§ WHAT THE TASK REQUIRES
Copy the data below exactly, but not the pictures it contains.

-------- DATASET RECORDS --------

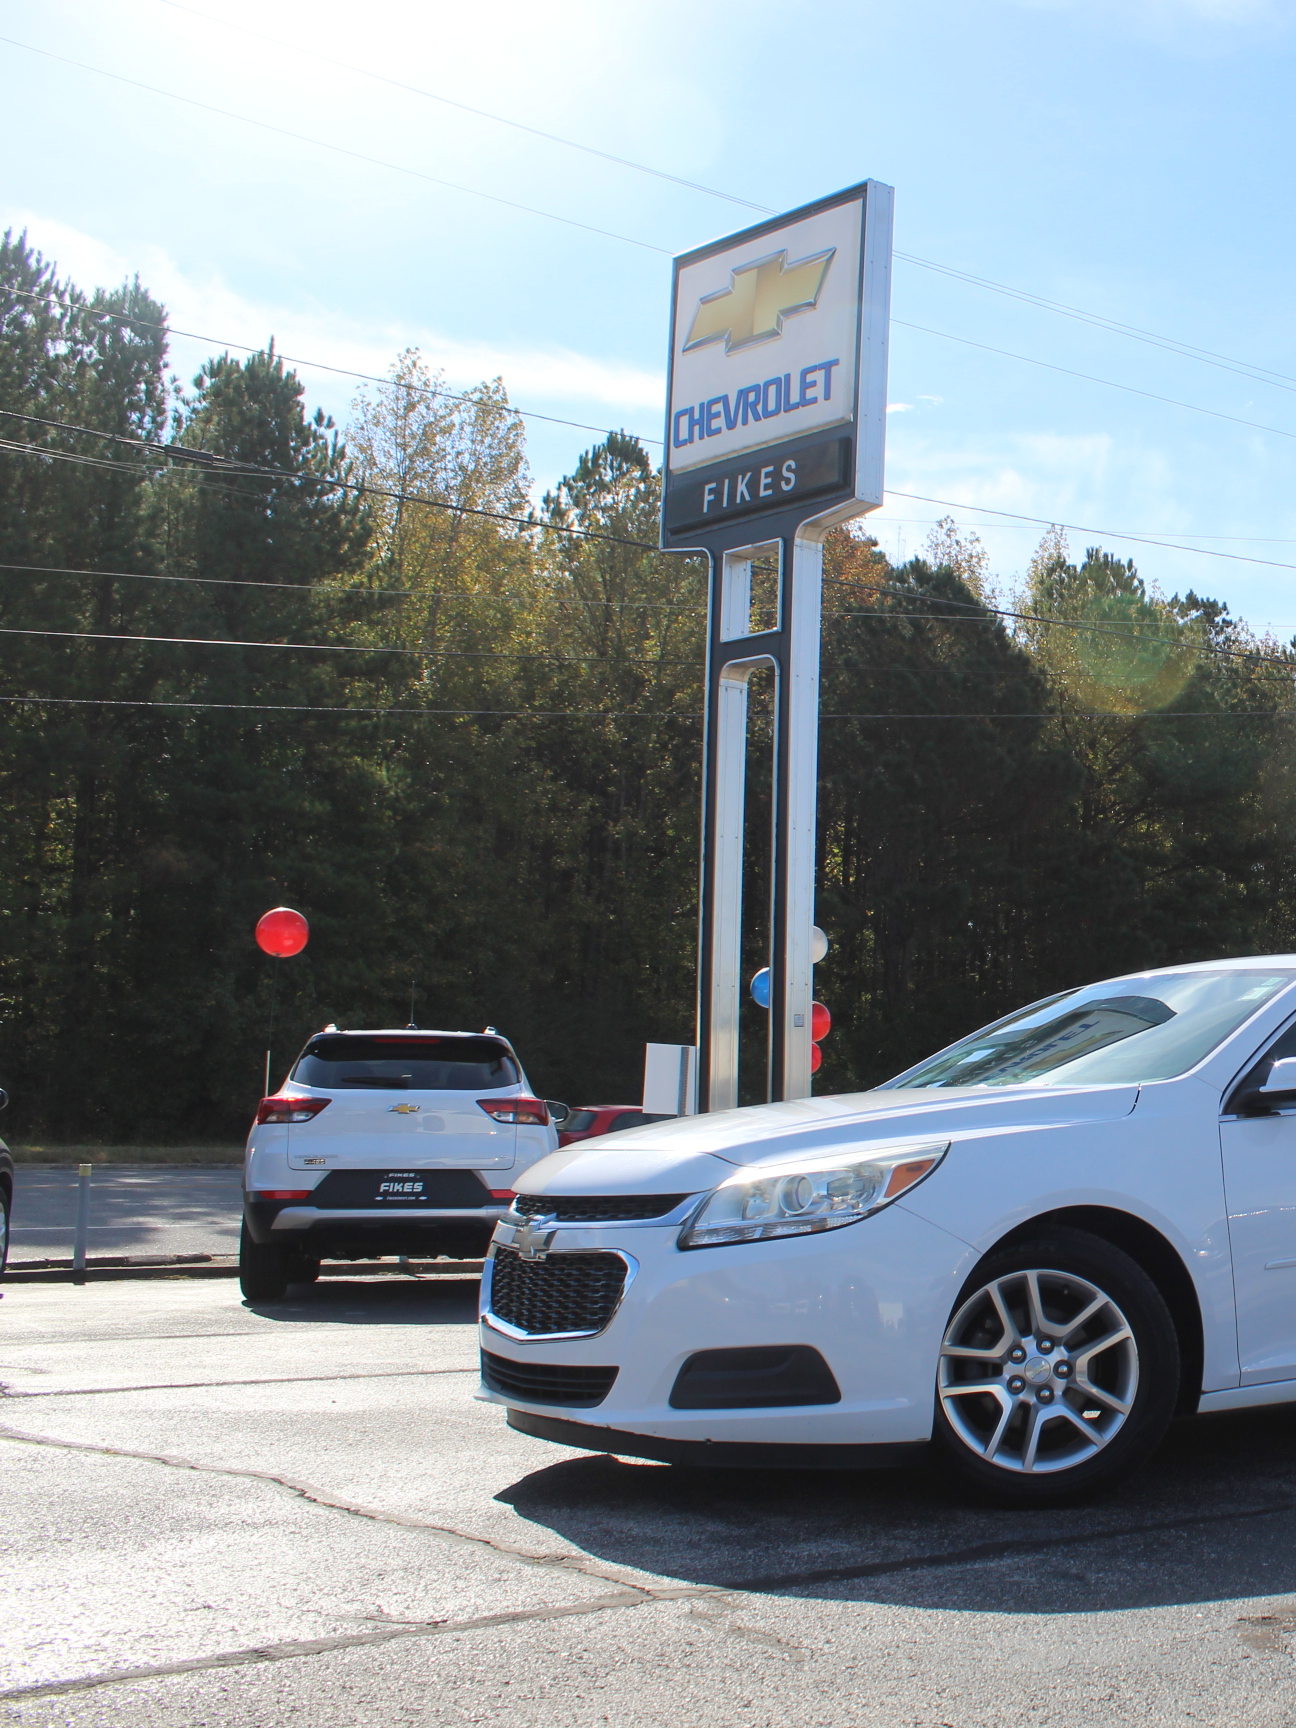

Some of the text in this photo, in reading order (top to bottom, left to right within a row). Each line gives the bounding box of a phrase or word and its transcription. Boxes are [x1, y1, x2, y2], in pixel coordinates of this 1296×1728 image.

[673, 358, 840, 449] CHEVROLET
[703, 459, 797, 514] FIKES
[379, 1182, 424, 1193] FIKES
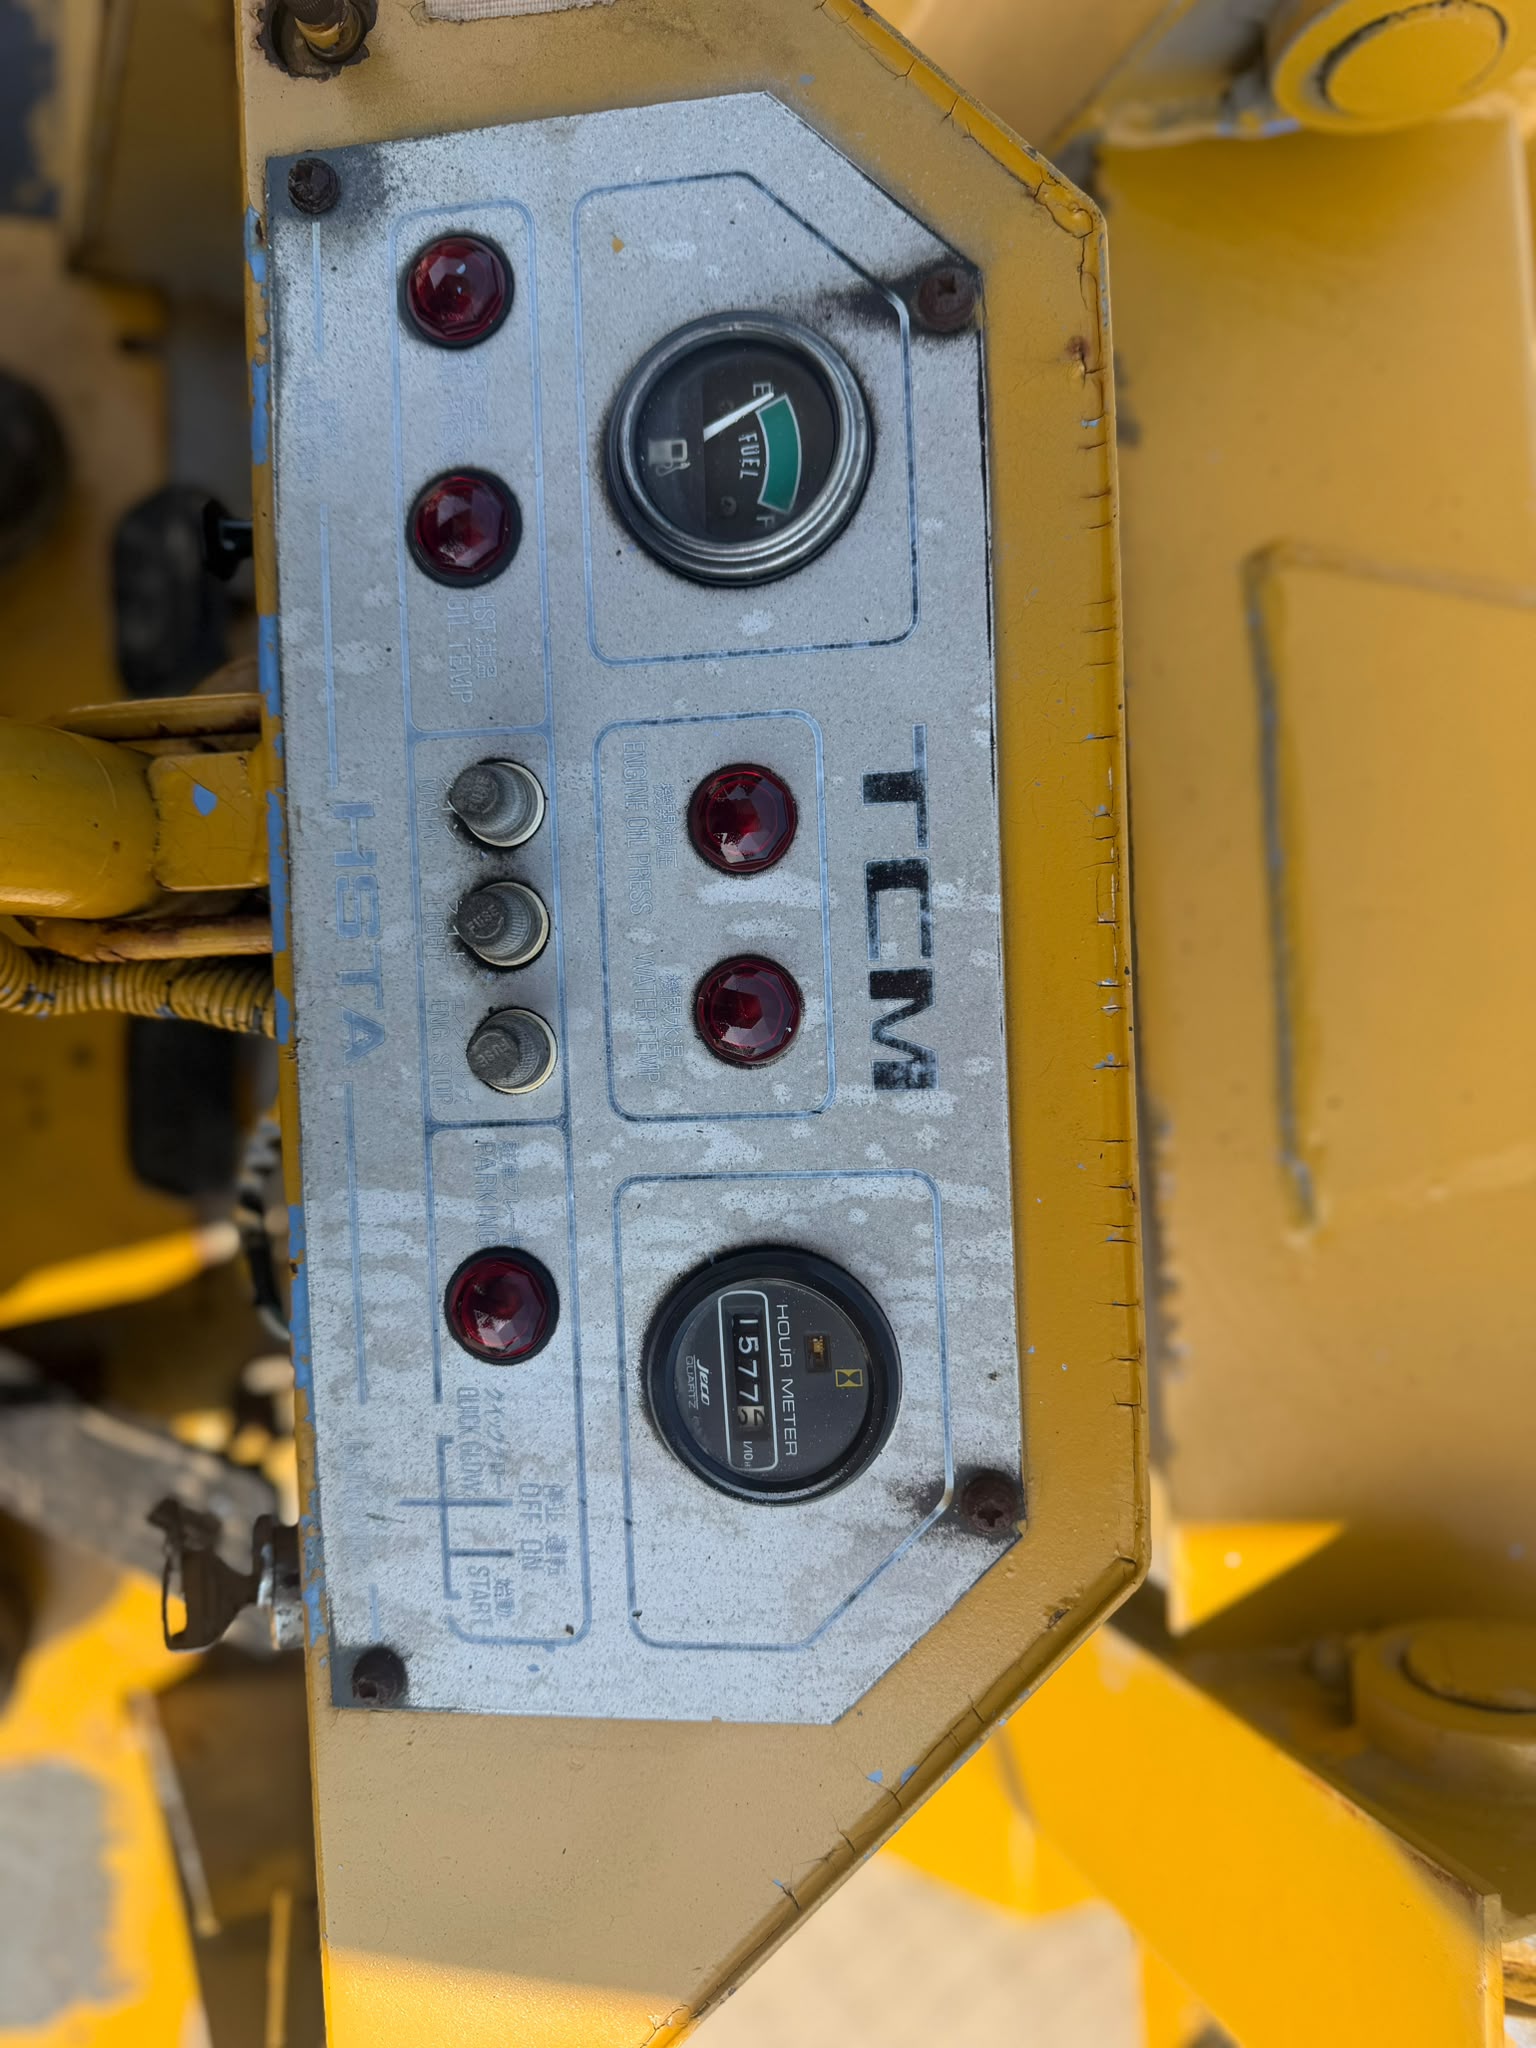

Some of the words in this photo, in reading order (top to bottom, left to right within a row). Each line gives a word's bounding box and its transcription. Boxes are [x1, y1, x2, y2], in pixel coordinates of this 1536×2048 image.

--------

§ TASK RESPONSE
Some of the text in this photo, in reading order (top to bottom, left to right within a row). Each line gives the bounding box of a phrase or word and its transcription. Boxes are [x1, y1, x2, y2], in pixel coordinates of this 1296×1728 image.

[673, 358, 840, 449] CHEVROLET
[703, 459, 797, 514] FIKES
[379, 1182, 424, 1193] FIKES

Some of the words in this photo, in reading order (top to bottom, left to right within a row). Each line gives a word's bounding box and its transcription. Boxes are [x1, y1, x2, y2], in pixel coordinates of this 1536×2048 image.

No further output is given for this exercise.